Inner House refuses David Gilroys Freedom of Information AppealBack to News Listing
Gilroy v Scottish Information Commissioner & Chief Constable of Police Scotland  CSIH 18
David Gilroy was convicted of the murder of Suzanne Pilley. He sought to recover a comprehensive list of CCTV from Police Scotland in relation to the criminal investigation into his case. Police Scotland refused to provide this information on the basis that it was “personal data” for the purposes of section 1 of the Data Protection Act 1998 (the “1998 Act”) and exempt from disclosure under section 38(1)(a) of the Freedom of Information (Scotland) Act 2002 (the “2002 Act”). The decision was upheld by the Scottish Information Commissioner. Mr Gilroy appealed to the Inner House of the Court of Session.

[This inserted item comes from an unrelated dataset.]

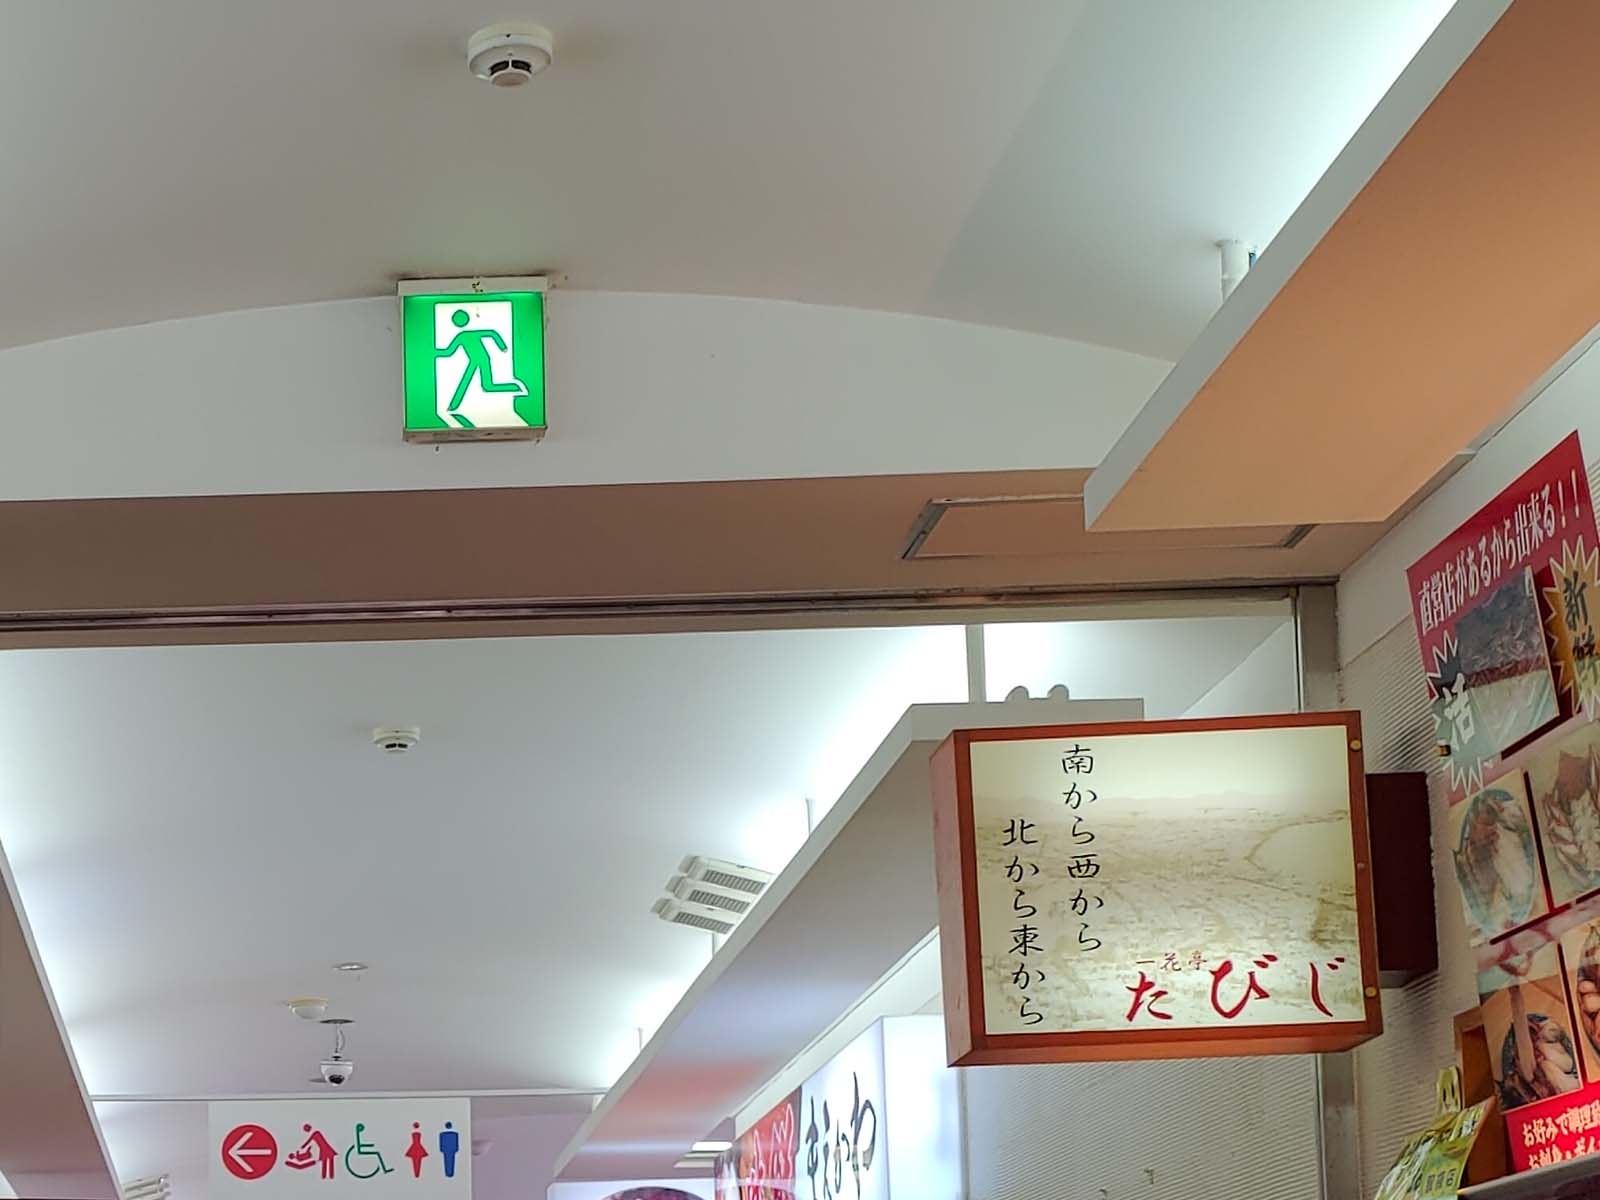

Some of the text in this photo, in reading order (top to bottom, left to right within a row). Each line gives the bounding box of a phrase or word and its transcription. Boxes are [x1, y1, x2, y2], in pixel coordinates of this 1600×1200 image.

[1061, 744, 1104, 952] 南から西から
[1001, 818, 1047, 1026] 北から東から
[1125, 953, 1346, 1023] たびじ
[1135, 951, 1209, 973] 一花亭

The Court considered that the appeal was substantially academic because the information had been provided as a result of a data subject access request by Mr Gilroy under the 1998 Act. However, the Court considered that it was bound to consider the merits of the appeal due to the wording of the 2002 Act.

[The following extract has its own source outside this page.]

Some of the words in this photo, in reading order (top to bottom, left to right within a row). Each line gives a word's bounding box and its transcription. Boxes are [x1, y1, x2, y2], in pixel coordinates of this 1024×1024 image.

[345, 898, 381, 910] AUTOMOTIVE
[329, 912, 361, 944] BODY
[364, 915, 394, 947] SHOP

Lord President (Carloway) held that the appeal was essentially an application to review an assessment of fact made by the Scottish Information Commissioner. The court was not satisfied that there is a point of law to be considered and refused the appeal.
The opinion of the Inner House provides helpful guidance on the concept of “personal data” and the interaction between freedom of information laws and data protection laws.
Axiom members represented both respondents. David Johnston QC appeared for the Scottish Information Commissioner and John MacGregor, advocate, appeared for the Chief Constable of Police Scotland.